● Data provided:
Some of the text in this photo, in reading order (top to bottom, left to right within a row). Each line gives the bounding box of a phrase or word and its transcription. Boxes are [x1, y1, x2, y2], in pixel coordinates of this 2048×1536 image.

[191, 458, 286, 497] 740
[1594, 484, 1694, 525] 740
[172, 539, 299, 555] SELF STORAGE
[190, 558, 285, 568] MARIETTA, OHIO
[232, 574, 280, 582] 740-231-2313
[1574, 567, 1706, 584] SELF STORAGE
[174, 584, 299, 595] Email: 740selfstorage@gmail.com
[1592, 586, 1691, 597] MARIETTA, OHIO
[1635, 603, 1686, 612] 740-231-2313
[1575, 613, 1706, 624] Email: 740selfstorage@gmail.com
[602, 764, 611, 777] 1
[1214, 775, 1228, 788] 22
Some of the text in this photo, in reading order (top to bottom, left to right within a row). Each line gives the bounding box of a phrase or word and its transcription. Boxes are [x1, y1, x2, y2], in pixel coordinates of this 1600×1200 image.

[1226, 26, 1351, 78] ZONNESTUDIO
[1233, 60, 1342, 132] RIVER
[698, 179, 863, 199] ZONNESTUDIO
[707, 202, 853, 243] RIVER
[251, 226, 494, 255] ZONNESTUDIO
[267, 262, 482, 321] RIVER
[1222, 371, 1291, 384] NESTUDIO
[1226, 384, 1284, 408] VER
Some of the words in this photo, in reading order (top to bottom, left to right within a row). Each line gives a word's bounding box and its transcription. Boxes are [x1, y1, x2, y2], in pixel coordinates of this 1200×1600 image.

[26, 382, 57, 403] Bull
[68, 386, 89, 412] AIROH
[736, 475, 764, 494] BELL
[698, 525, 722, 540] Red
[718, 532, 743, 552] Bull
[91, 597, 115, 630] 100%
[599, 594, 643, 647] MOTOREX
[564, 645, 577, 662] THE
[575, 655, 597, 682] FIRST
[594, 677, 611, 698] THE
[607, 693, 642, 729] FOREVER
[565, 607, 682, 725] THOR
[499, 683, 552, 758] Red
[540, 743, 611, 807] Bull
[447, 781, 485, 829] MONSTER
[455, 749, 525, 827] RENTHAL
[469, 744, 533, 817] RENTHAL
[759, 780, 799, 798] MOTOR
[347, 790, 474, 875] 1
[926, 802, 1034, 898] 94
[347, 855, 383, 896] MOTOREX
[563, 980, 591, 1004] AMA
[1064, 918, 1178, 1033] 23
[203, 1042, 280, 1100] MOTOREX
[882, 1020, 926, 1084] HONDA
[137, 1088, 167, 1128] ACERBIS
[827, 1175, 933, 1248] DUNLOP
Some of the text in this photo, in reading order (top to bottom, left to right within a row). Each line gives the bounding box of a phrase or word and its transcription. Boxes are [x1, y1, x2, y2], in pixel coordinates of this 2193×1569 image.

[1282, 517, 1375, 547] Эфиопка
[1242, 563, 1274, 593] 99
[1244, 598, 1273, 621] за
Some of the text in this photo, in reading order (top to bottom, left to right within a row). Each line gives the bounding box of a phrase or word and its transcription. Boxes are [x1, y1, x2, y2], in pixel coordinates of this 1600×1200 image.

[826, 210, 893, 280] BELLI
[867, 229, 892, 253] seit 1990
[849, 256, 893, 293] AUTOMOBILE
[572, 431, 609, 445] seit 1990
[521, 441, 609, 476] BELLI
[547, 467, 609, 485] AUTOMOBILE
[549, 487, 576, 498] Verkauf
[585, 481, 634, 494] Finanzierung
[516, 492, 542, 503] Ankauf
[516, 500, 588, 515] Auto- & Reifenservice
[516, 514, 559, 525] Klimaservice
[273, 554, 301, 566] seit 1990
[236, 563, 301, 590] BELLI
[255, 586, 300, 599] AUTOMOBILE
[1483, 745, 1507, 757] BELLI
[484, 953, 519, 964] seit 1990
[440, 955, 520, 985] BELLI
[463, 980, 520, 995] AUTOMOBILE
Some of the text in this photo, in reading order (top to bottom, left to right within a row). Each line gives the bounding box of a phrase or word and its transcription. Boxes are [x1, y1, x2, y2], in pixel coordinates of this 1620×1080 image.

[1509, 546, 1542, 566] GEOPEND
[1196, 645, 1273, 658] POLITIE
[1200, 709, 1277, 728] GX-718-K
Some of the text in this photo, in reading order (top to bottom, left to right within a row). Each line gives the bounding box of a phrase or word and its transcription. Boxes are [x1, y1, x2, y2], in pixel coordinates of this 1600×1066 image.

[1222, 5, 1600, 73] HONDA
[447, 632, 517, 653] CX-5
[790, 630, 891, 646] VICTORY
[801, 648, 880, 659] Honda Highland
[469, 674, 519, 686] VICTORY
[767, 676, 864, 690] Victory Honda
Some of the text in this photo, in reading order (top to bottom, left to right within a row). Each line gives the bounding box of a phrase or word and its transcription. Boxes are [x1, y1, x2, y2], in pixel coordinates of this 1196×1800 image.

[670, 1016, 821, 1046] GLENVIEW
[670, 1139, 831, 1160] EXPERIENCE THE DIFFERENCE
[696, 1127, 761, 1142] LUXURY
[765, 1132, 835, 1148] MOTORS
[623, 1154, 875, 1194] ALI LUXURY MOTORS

● Work task:
Each line above, from the one that contains "this 1196×1800 image." to the last line of the records, should be repeated exactly. Leave out all others.

● Solution:
Some of the text in this photo, in reading order (top to bottom, left to right within a row). Each line gives the bounding box of a phrase or word and its transcription. Boxes are [x1, y1, x2, y2], in pixel coordinates of this 1196×1800 image.

[670, 1016, 821, 1046] GLENVIEW
[670, 1139, 831, 1160] EXPERIENCE THE DIFFERENCE
[696, 1127, 761, 1142] LUXURY
[765, 1132, 835, 1148] MOTORS
[623, 1154, 875, 1194] ALI LUXURY MOTORS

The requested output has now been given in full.